TASK TO COMPLETE
Word for word, reproduce the records, keeping none of the pictures.

________________

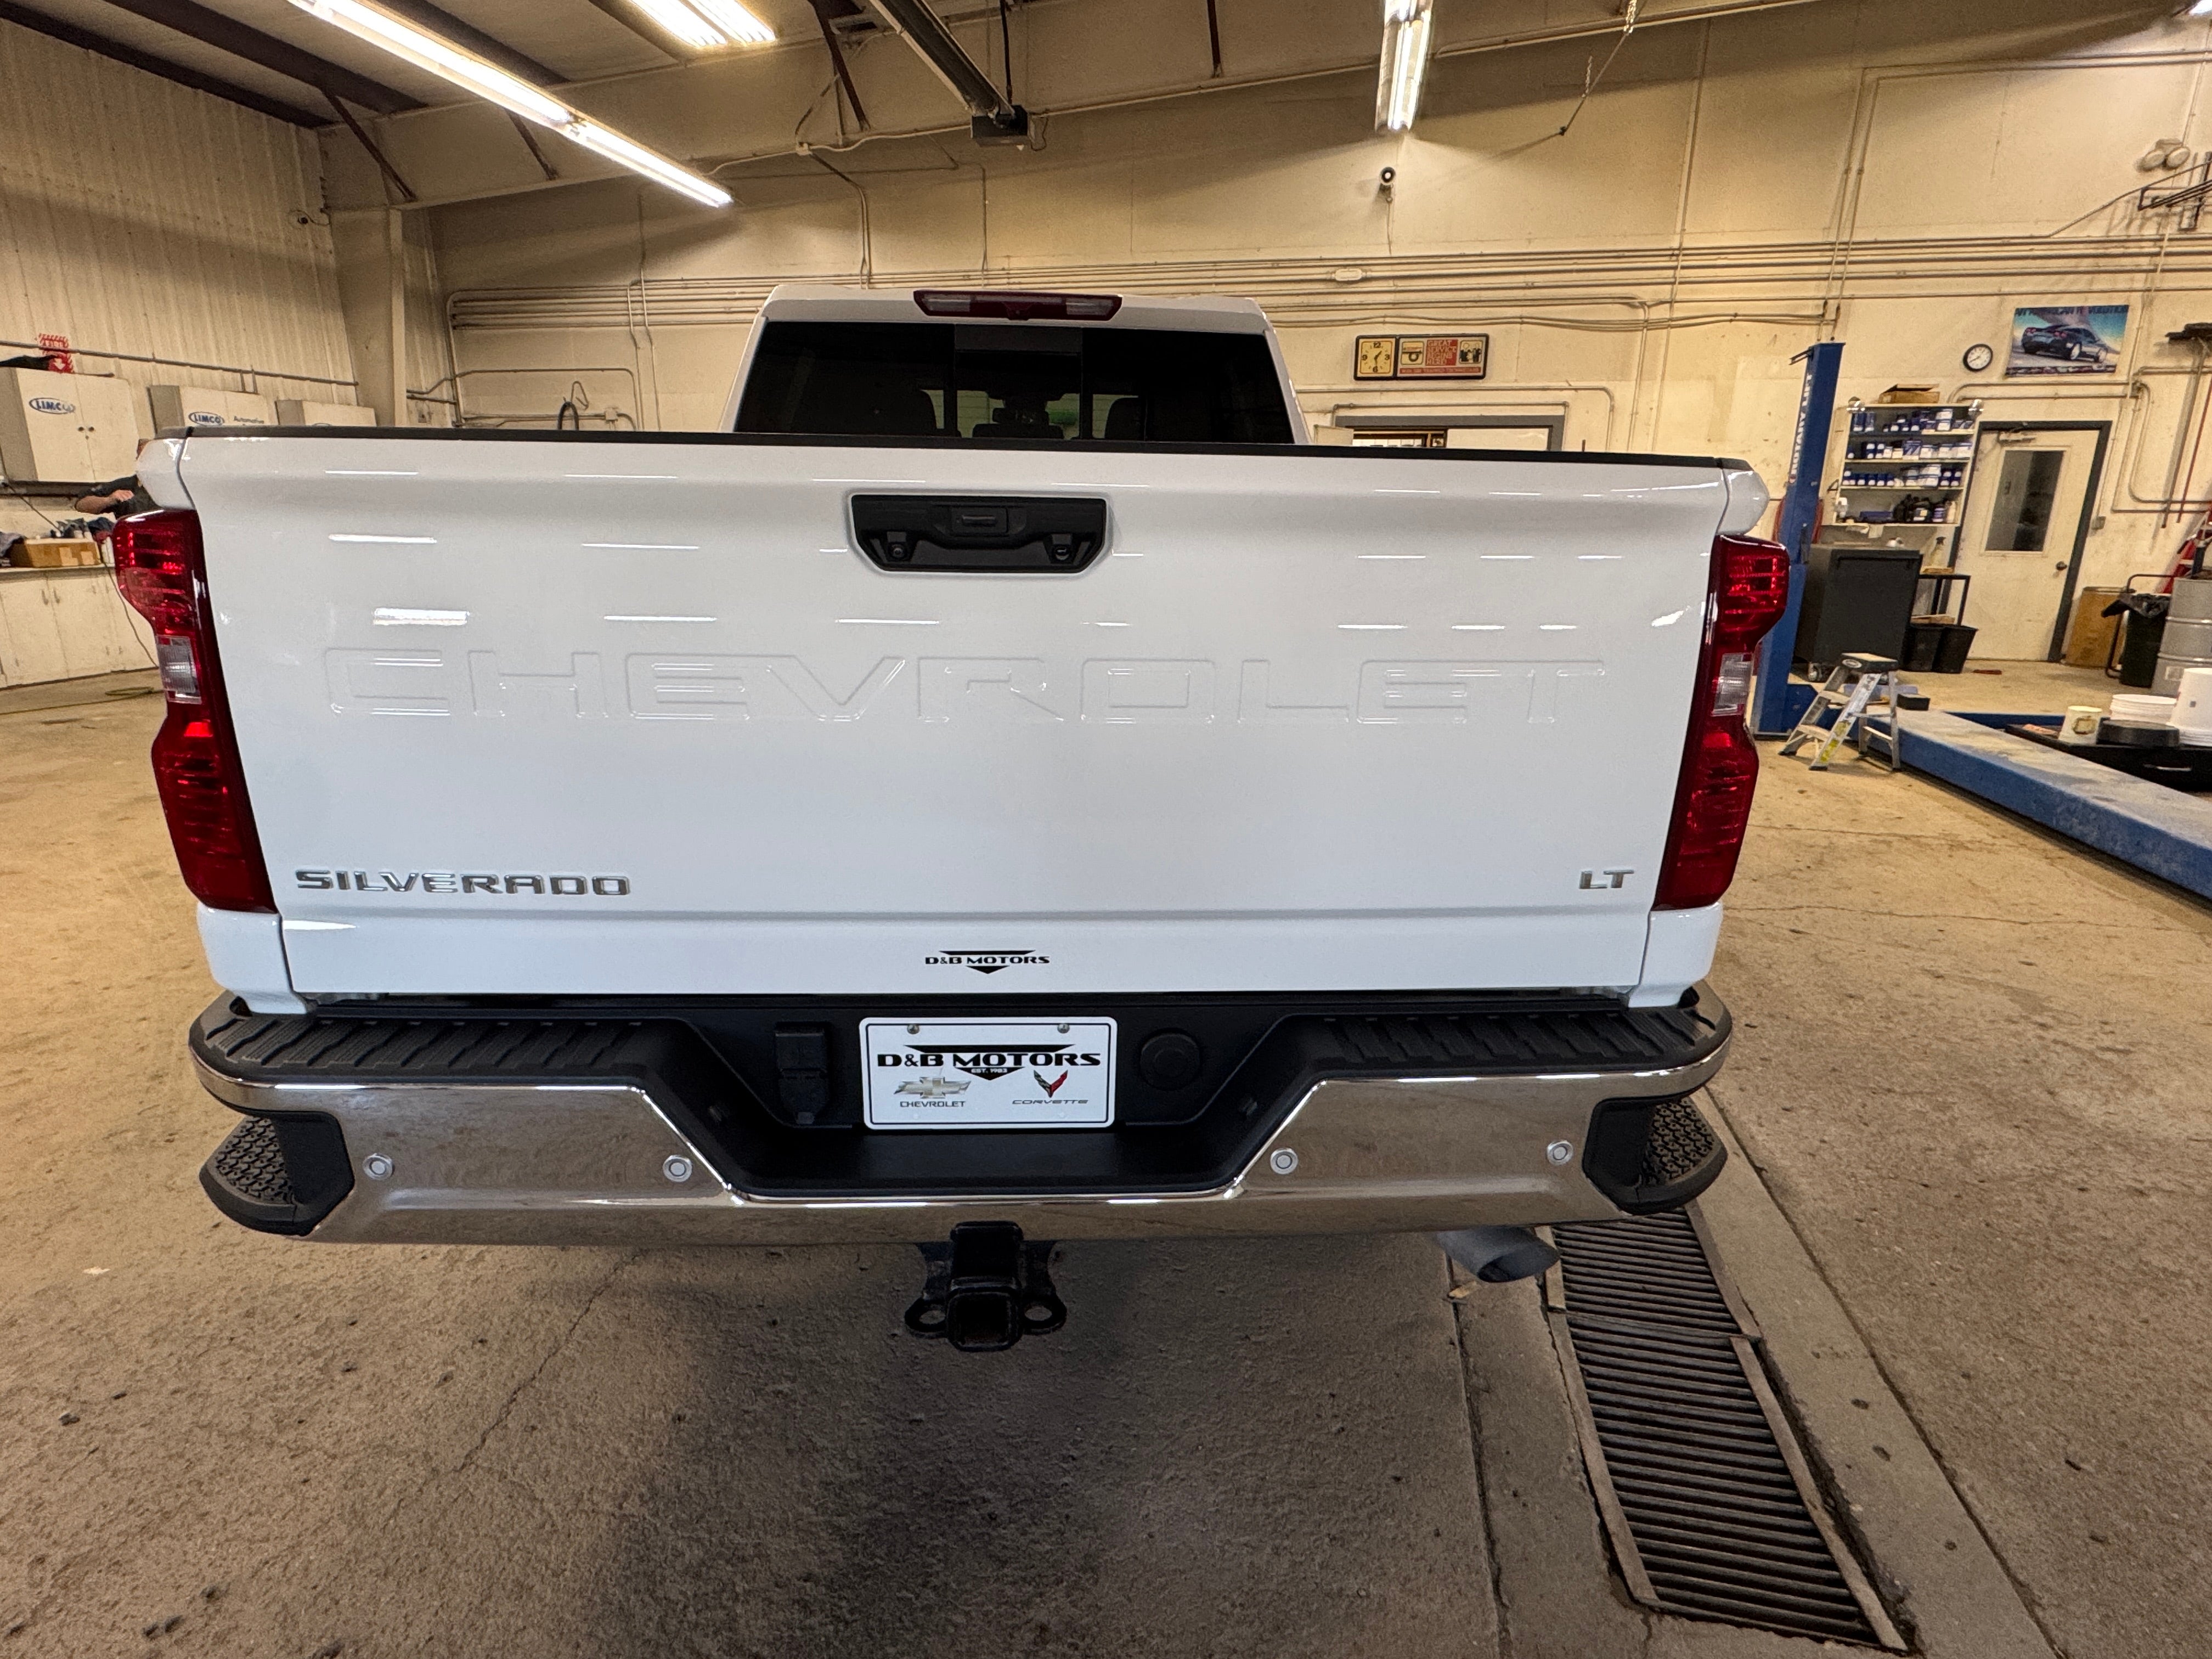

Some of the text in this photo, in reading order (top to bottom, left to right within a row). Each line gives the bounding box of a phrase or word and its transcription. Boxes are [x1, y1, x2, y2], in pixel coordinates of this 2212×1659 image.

[194, 414, 220, 424] LIMCO
[325, 647, 1605, 723] CHEVROLET
[295, 869, 631, 895] SILVERADO
[1579, 869, 1635, 889] LT
[925, 956, 1050, 964] D&B MOTORS
[878, 1052, 1101, 1067] D&B MOTORS

________________

WRITTEN ANSWER
Some of the text in this photo, in reading order (top to bottom, left to right within a row). Each line gives the bounding box of a phrase or word and its transcription. Boxes are [x1, y1, x2, y2], in pixel coordinates of this 2212×1659 image.

[194, 414, 220, 424] LIMCO
[325, 647, 1605, 723] CHEVROLET
[295, 869, 631, 895] SILVERADO
[1579, 869, 1635, 889] LT
[925, 956, 1050, 964] D&B MOTORS
[878, 1052, 1101, 1067] D&B MOTORS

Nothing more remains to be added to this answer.